Утро было совсем раннее, но взрослых в доме уже не осталось: тетка чуть свет ушла доить скотину, ее старшие дети тоже вовсю трудились – так уж заведено у деревенских. С улицы доносилось пение птиц, шум предрассветного ветерка да иногда глухие, нестрашные хлопки откуда-то совсем поблизости. Ни свиста, ни рева моторов, ни гула падающих снарядов, ни оглушительного треска разрывающегося металла – эти будничные звуки ничем не напоминали те, что сопровождают батальные сцены в кинокартинах о героических бойцах РККА. Но Лиде они были слишком хорошо знакомы.

– Да что ты? Это ведь соседи половики выбивают, – успокоила сестренку Лида. – Не бойся. И не хнычь, кому говорят?

Маленькая Тамара нырнула к ней под теткин полушубок, заменявший одеяло. Лида крепко обняла девочку и напряженно вслушалась. Хлопки становились все чаще, набирали силу крики перепуганных соседей. Все-таки налет.

Это был август 1941 года. В то утро бомбили железную дорогу метрах в трехстах от деревни – там стояли эшелоны с ранеными из Белоруссии. По всей лесополосе немец накидал фугасных бомб, и почва между молодых еще елей, высаженных суровым под стать фамилии дядей Пашей Громовым, стала овражистая. Как гласит старинная традиция любой российской войны, Смоленщине всегда достается первый удар.

Конец лета и начало осени москвички Лида и Тамара Ильины проводили на родине матери – в деревне Колесники под Гжатском. Все понимали, что покой здесь будет недолгим, но в Москве оставаться было совсем опасно – авианалеты на столицу начались еще в июле. Почти сразу на Красной Пресне, рядом с Трехгорной мануфактурой, где жили Ильины, разбомбили пустовавший, к счастью, детский сад. Одно из первых воспоминаний одиннадцатилетней тогда Лиды о войне – гибель прямо на улице физкультурника из пионерского лагеря: вместе с местными мальчишками он уничтожал зажигательные бомбы, которые сотнями оставались на улицах и крышах домов после каждого визита соколов люфтваффе…
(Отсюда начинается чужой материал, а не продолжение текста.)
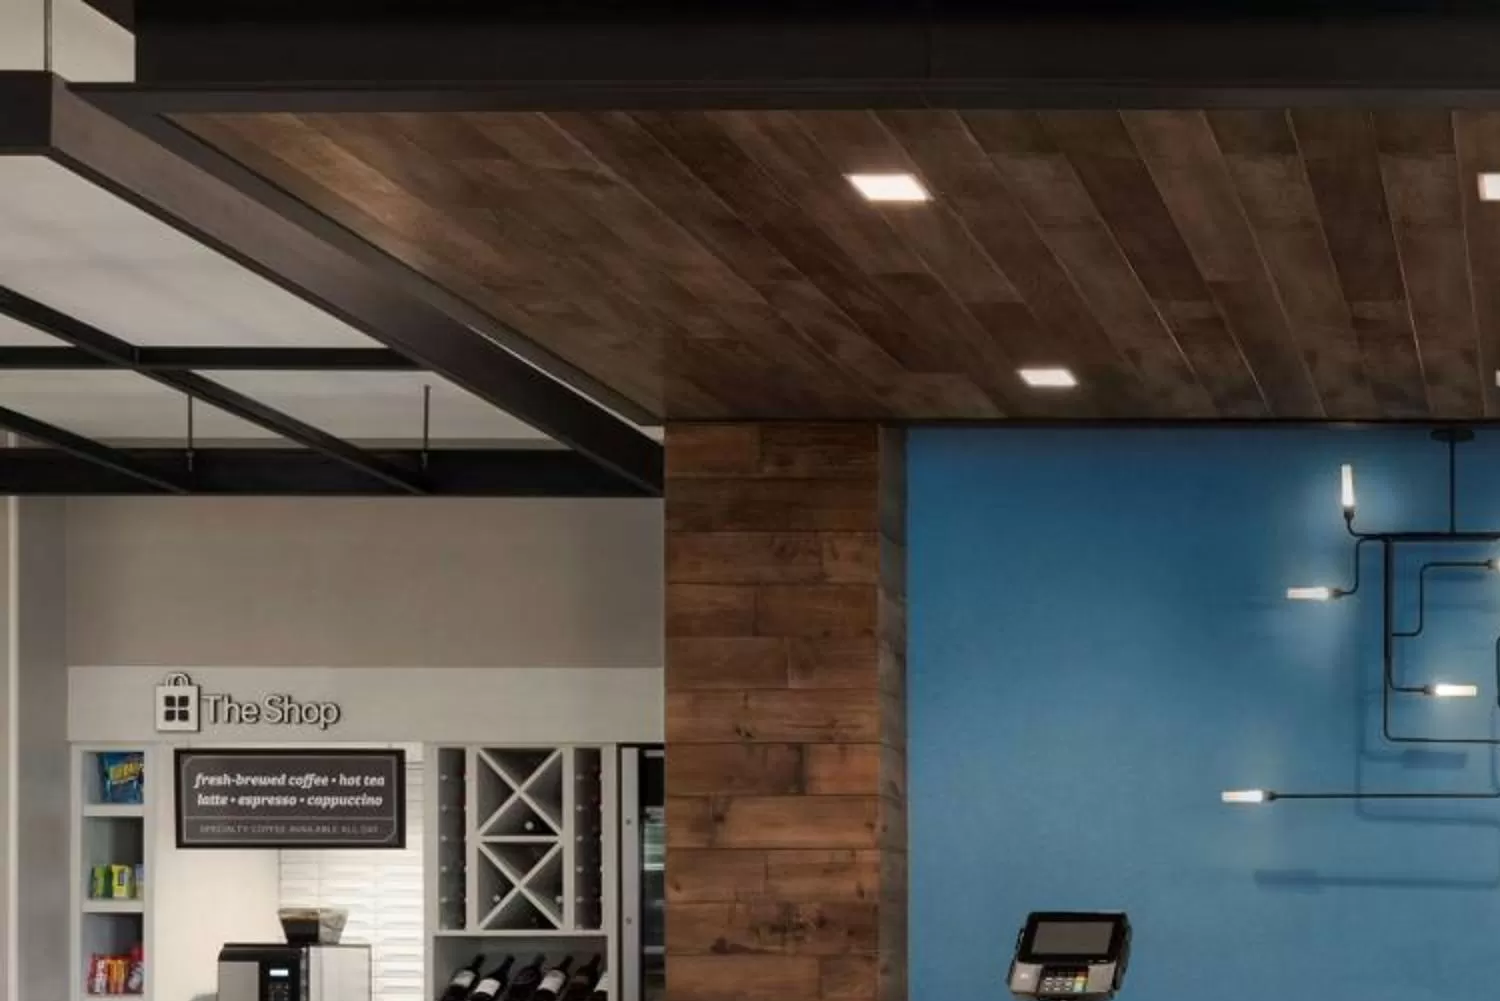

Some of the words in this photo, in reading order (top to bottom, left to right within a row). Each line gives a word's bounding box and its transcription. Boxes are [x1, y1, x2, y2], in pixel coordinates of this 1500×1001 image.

[201, 694, 260, 724] The
[263, 694, 341, 730] Shop
[194, 773, 287, 788] fresh-brewed
[288, 774, 329, 788] coffee
[338, 774, 361, 787] hot
[364, 775, 385, 787] tea
[197, 794, 229, 806] latte
[237, 796, 297, 809] espresso
[307, 794, 383, 809] cappuccino
Старший брат Коля в июле поступил в летную школу, а девочек – Лиду и Тамару – мать от греха подальше отвезла в Колесники, к родственникам Громовым. В деревне тогда жили относительно мирно, сравнительно сытно, а дети – и вовсе весело. Бомбардировки были редкими – в детской памяти остался лишь тот самый августовский утренний налет.
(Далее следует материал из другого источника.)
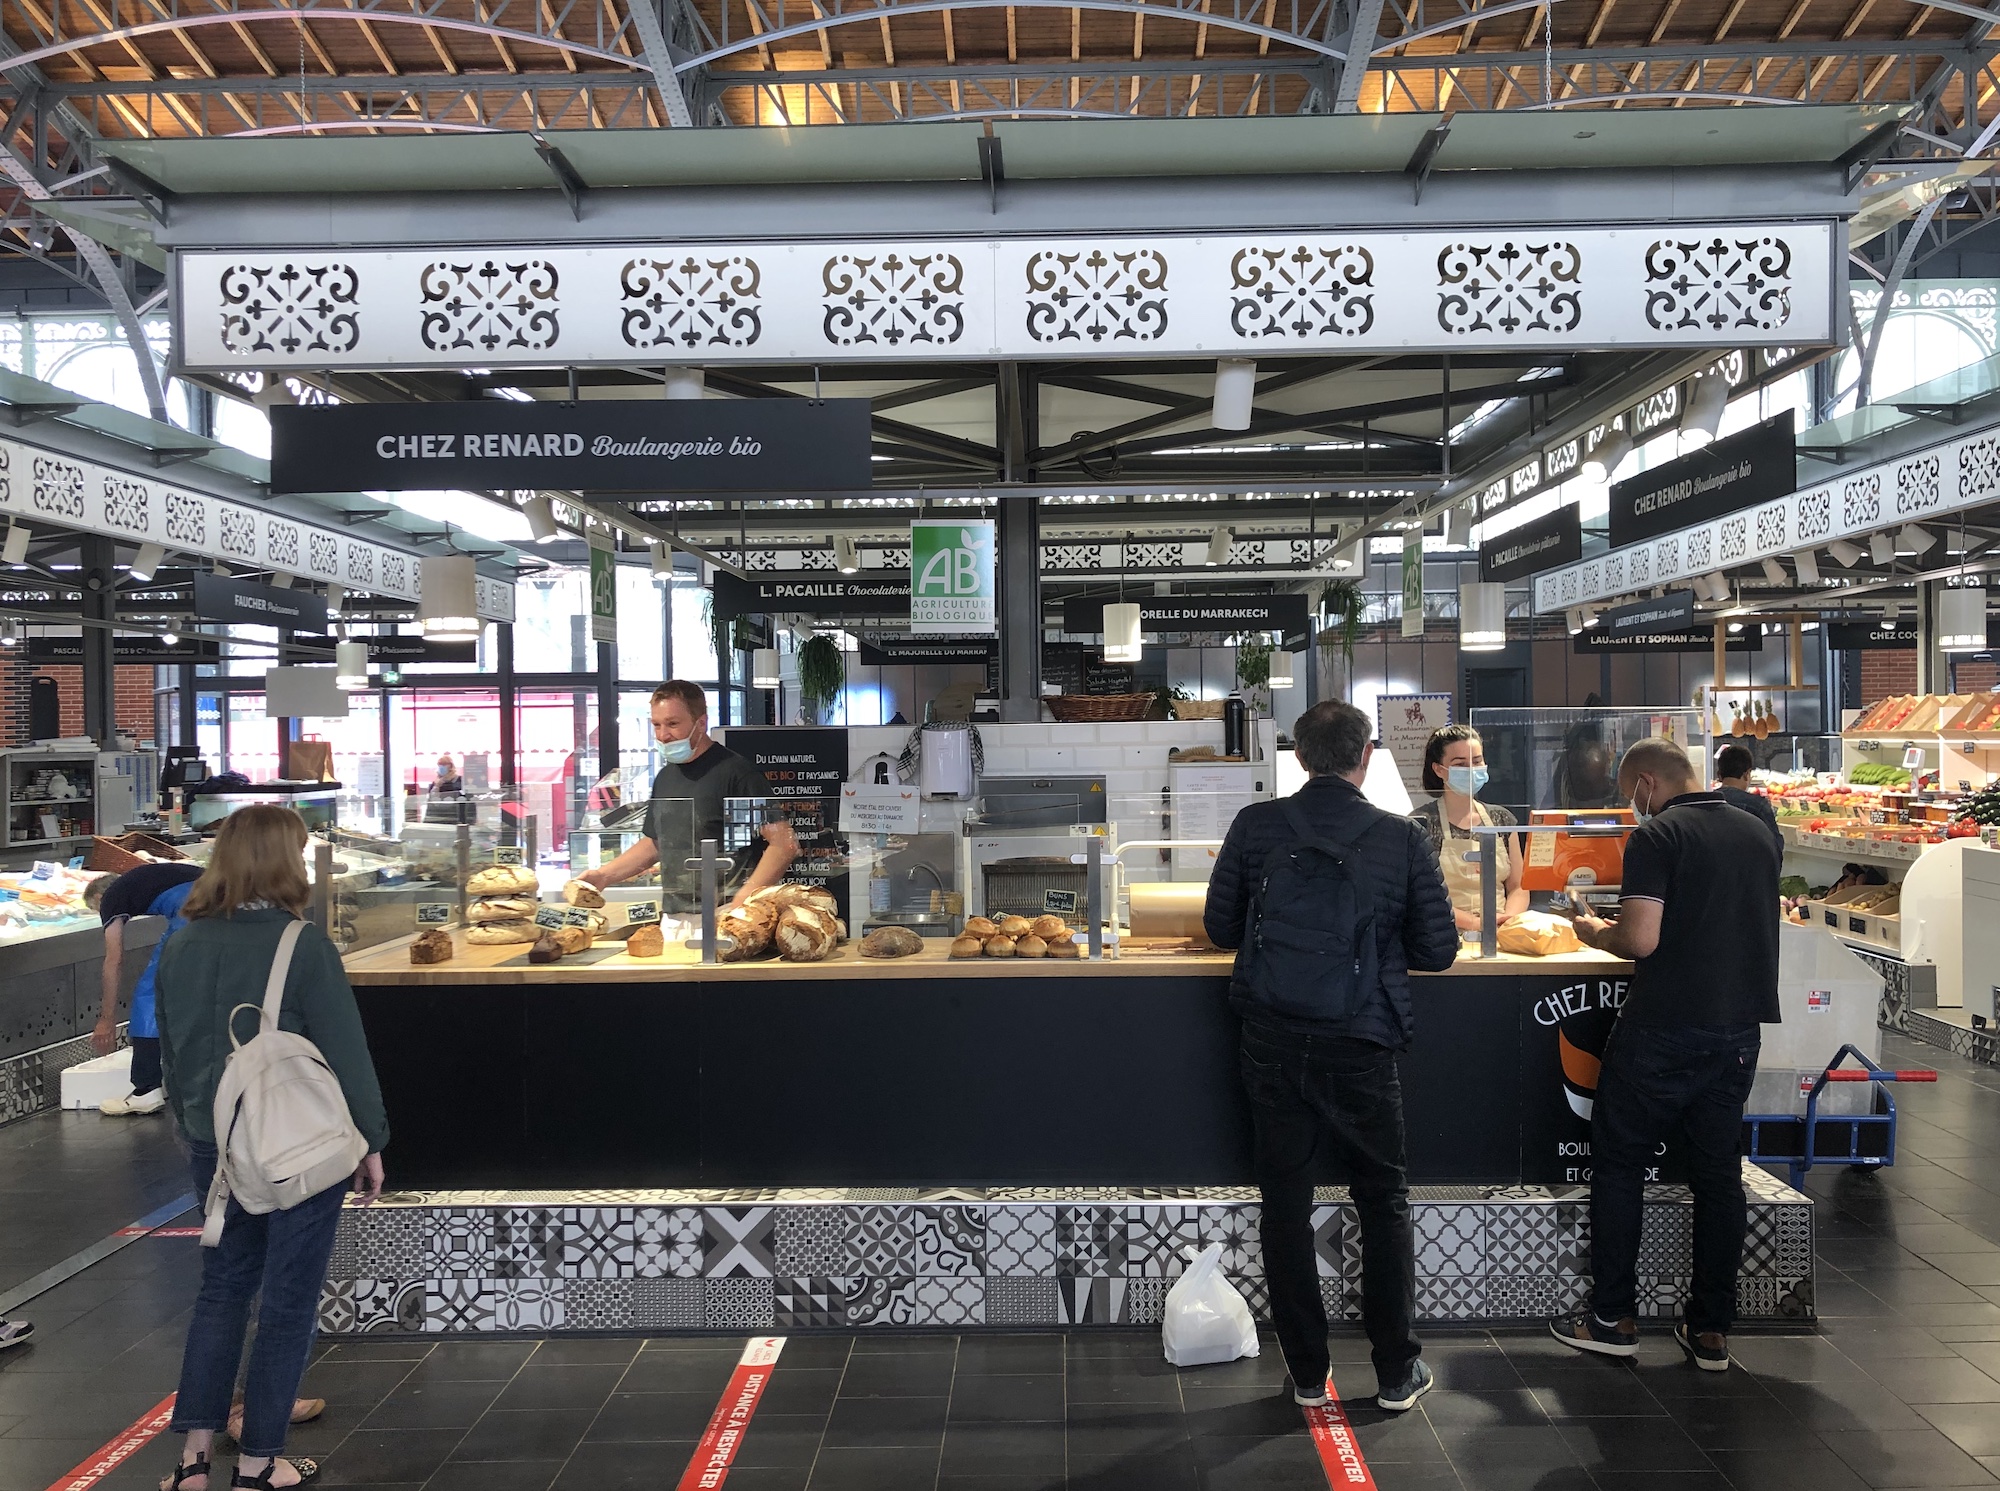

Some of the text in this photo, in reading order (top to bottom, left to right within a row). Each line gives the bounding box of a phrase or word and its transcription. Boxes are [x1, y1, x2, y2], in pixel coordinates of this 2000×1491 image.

[376, 433, 762, 461] CHEZ RENARD Boulangerie bio
[1634, 460, 1752, 516] CHEZ RENARD Boulangerie bio
[1495, 545, 1518, 567] PACAILLE
[919, 547, 981, 594] AB
[593, 570, 613, 614] AB
[760, 584, 911, 598] L. PACAILLE Chocolaterie
[1403, 563, 1420, 609] AB
[235, 594, 267, 612] FAUCHER
[912, 600, 993, 609] AGRICULTURE
[912, 611, 993, 620] BIOLOGIQUE
[1182, 609, 1198, 619] DU
[1200, 608, 1269, 618] MARRAKECH
[1635, 635, 1646, 644] ET
[1648, 634, 1688, 644] SOPHAN
[1870, 631, 1896, 640] CHEZ
[767, 754, 788, 764] LEVAIN
[789, 754, 816, 763] NATUREL
[781, 770, 796, 780] BIO
[797, 771, 805, 780] ET
[806, 770, 840, 780] PAYSANNES
[796, 785, 823, 795] EPAISSES
[795, 816, 816, 826] SEIGLE
[795, 863, 808, 872] DES
[809, 862, 831, 872] FIGUES
[1048, 891, 1068, 900] BUNS
[1533, 983, 1592, 1026] CHEZ
[1566, 1167, 1580, 1182] ET
[1324, 1412, 1345, 1423] À
[697, 1374, 765, 1489] DISTANCE À RESPECTER
[1328, 1424, 1367, 1484] RESPECTER
Ребятни в деревне было много. Все вместе ходили в лес по грибы и ягоды, играли в разные игры – больше всего любили «ручеек» с ребятами по вечерам. В доме у Громовых часто гостила родня из соседних деревень; особенно привечали Любу Круглову с детьми: 17-летней Верой, сорванцом Ваней на год ее младше, Валей, ровесницей Лиды, и совсем маленькой Шурой. Они жили в деревне Кобылкино, по другую сторону железнодорожной линии от Колесников. Любовь Круглова приходилась Лиде Ильиной двоюродной сестрой, хоть и была намного старше.

В конце сентября стало холодать, и мать собралась в Москву за теплыми вещами. Детей решено было поручить Любе Кругловой: у нее в Кобылкине и дом попросторнее, и детей в нем много, и время приглядеть за всеми есть. Но та оставлять у себя девочек наотрез отказалась: «Вдруг что случится – что я с твоими делать буду? У меня своих четверо». Делать было нечего: Мария стала собирать дочерей в путь.
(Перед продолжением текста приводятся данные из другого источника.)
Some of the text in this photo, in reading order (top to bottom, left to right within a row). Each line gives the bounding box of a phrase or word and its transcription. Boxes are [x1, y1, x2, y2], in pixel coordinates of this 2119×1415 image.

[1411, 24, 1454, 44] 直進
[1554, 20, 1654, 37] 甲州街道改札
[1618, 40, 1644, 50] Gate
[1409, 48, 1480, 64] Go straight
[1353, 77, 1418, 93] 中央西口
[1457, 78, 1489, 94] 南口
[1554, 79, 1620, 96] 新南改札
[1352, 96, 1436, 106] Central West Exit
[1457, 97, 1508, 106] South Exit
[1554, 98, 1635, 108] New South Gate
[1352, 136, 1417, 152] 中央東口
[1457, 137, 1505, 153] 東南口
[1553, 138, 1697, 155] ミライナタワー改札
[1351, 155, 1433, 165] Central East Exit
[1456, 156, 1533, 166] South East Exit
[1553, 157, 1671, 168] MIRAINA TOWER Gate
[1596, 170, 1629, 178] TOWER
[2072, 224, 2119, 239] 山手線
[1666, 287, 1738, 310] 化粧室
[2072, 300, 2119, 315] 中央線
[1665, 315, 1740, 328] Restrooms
Поезда на Москву к тому времени уже не ходили, так что дорога вышла долгая и трудная. На попутной грузовой машине добрались до Кубинки, уже оттуда кое-как доехали до Москвы. Белорусский вокзал встретил воздушной тревогой; переждали. К ночи наконец очутились дома, на Красной Пресне.

А спустя два дня пришло известие: Гжатск занят немцем, все окрестные деревни – оккупированы.

…В Колесники Ильины вернулись только к концу сороковых. Выросшие слишком быстро сверстницы говорили о том времени разное. Кто-то поведал о расстрелянных стариках; кто-то – о добром и сердечном немецком докторе, которому было совершенно все равно – боец ли вермахта перед ним или русская бабушка. Общими были только голод, горе и изнурительный труд.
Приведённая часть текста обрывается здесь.